Acquisti di Natale: pochi gli shopper d’assalto
Negozi aperti e bancarelle non hanno tentato nel giorno di festa per coloro che sono rimasti in città

Marito, moglie, fratello, collega, amico del cuore ecc. ecc. ecc. la lista per i regali di Natale ogni anno sembra l’ostacolo più difficile da superare. Pubblicità, addobbi e offerte ci ricordano ormai da giorni che la festa più consumistica dell’anno sta per arrivare e non dobbiamo perdere tempo per accaparrarci l’idea più curiosa e il regalo più originale. L’Italia è divisa in due: chi non ha rinunciato al ponte ed è partito per qualche giorno di relax e chi è rimasto in città approfittando per un giro tra i negozi.
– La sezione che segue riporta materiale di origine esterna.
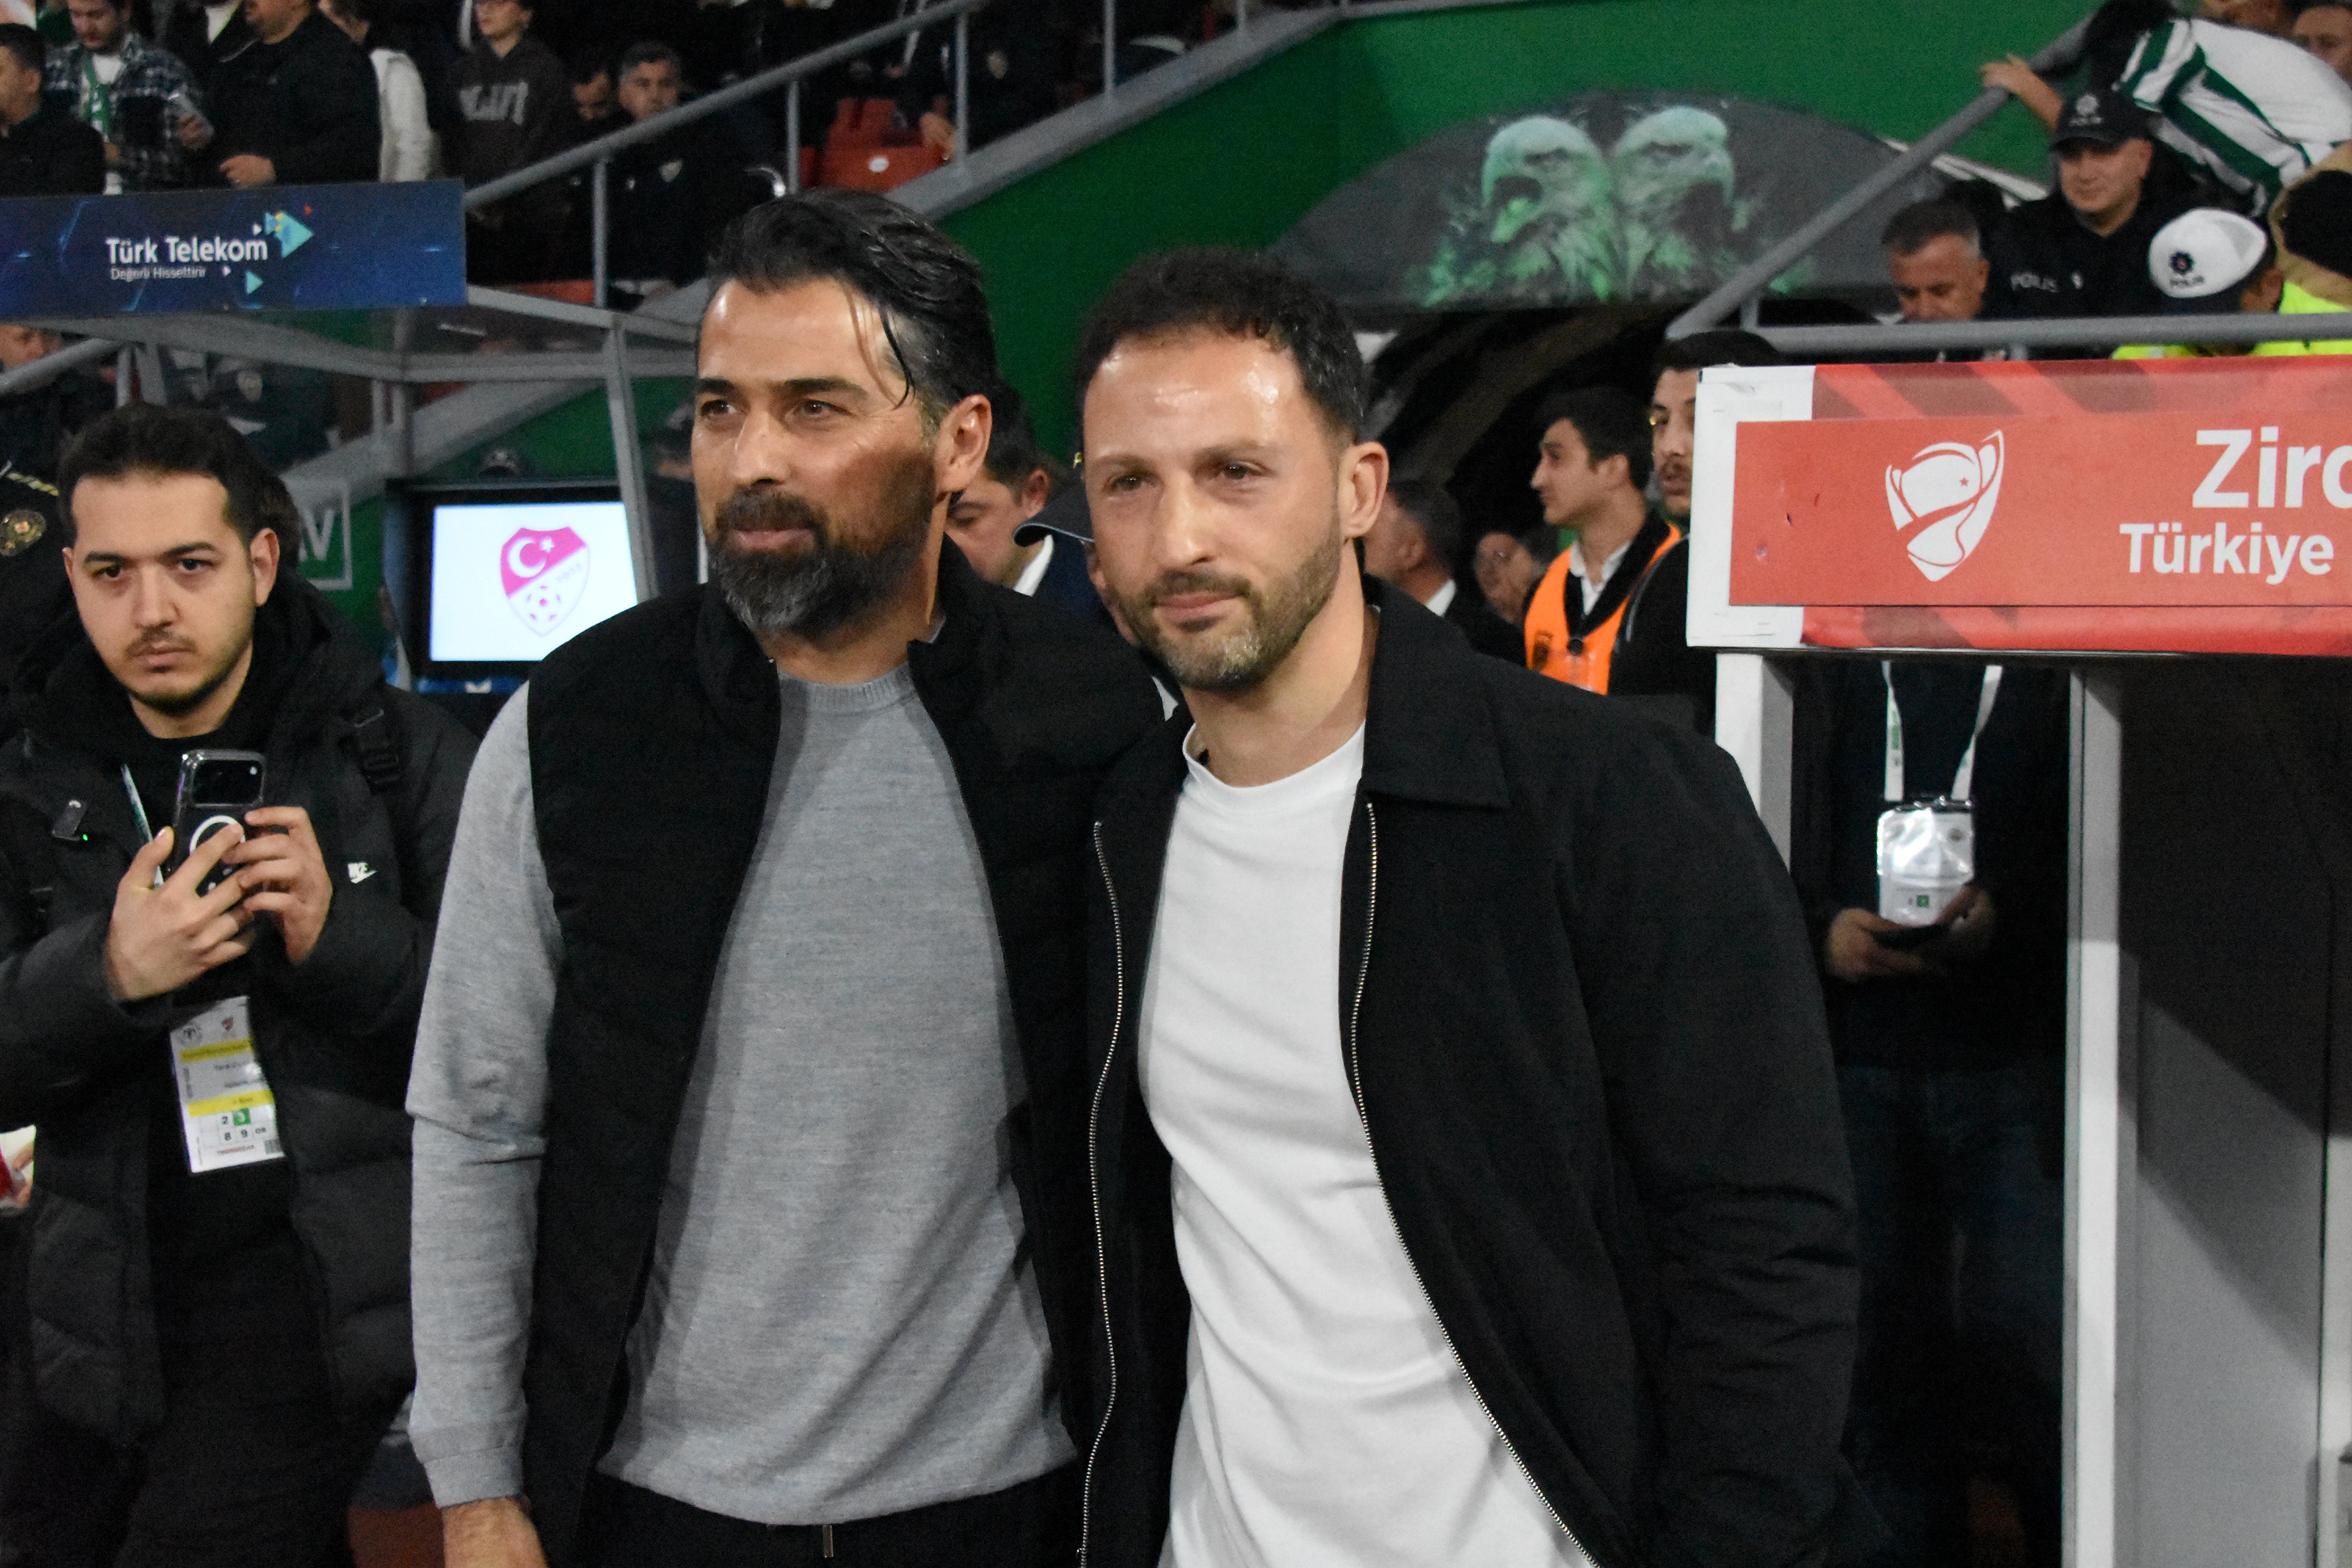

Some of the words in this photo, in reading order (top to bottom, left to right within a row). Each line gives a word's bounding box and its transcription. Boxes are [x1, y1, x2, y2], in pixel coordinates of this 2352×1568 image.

[106, 236, 158, 264] Türk
[165, 236, 268, 263] Telekom
[2119, 522, 2334, 584] Türkiye
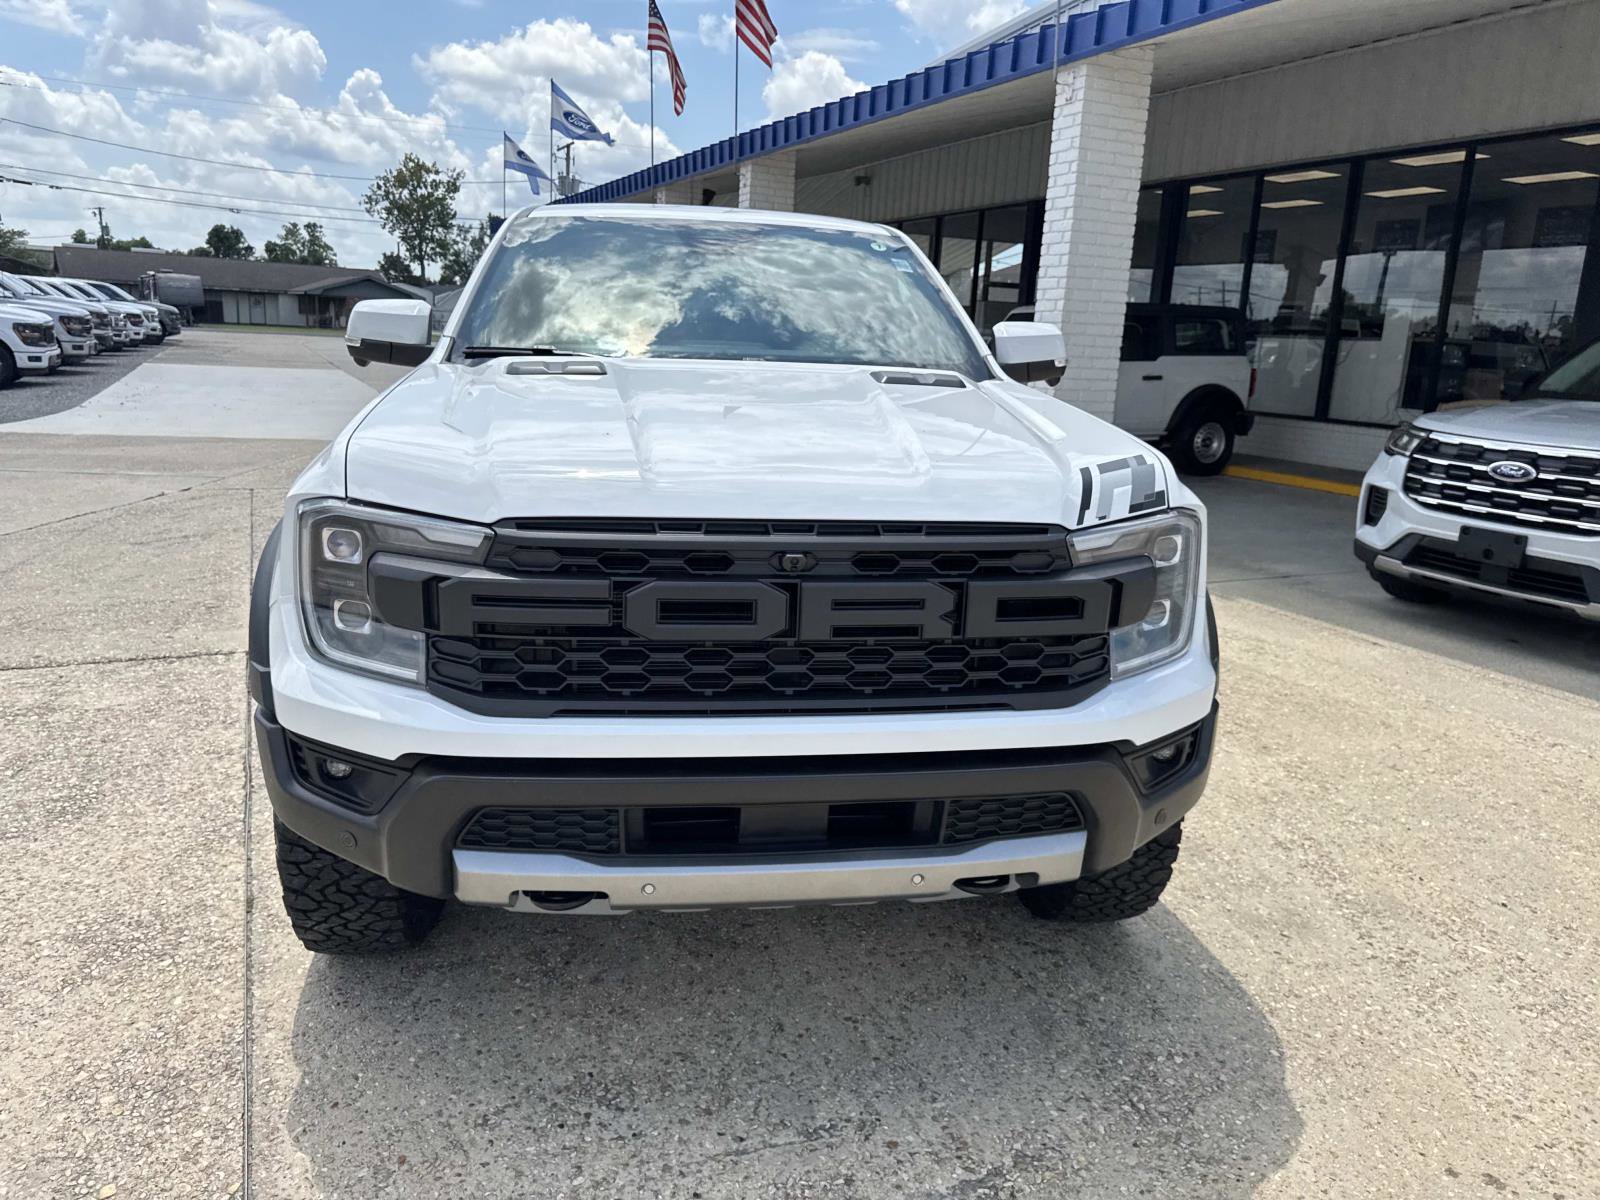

Il gelo non ha scoraggiato i più temerari che fin dalle prime ore del mattino in questa giornata di festa sono andati in cerca dell’acquisto natalizio. A dir la verità passeggiando per le vie della città si sono visti più curiosi e indecisi che veri e propri shopper d’assalto. Pochi sacchetti, qualche commento davanti alle vetrine, grandi ipotesi ma pochi acquisti. Qualche idea in più, ma a dirla tutta neanche troppo, nelle casette di Natale allestite in piazza Monte Grappa dove a farla da padrone ci sono oggetti etnici e qualche proposta gastronomica. Per i più tradizionalisti le bancarelle in corso Matteotti offrivano prodotti locali della provincia e per coloro che a Natale si sentono più buoni Stelle di Natale per la lotta contro i tumori e oggetti vari per finanziare la Croce Rossa.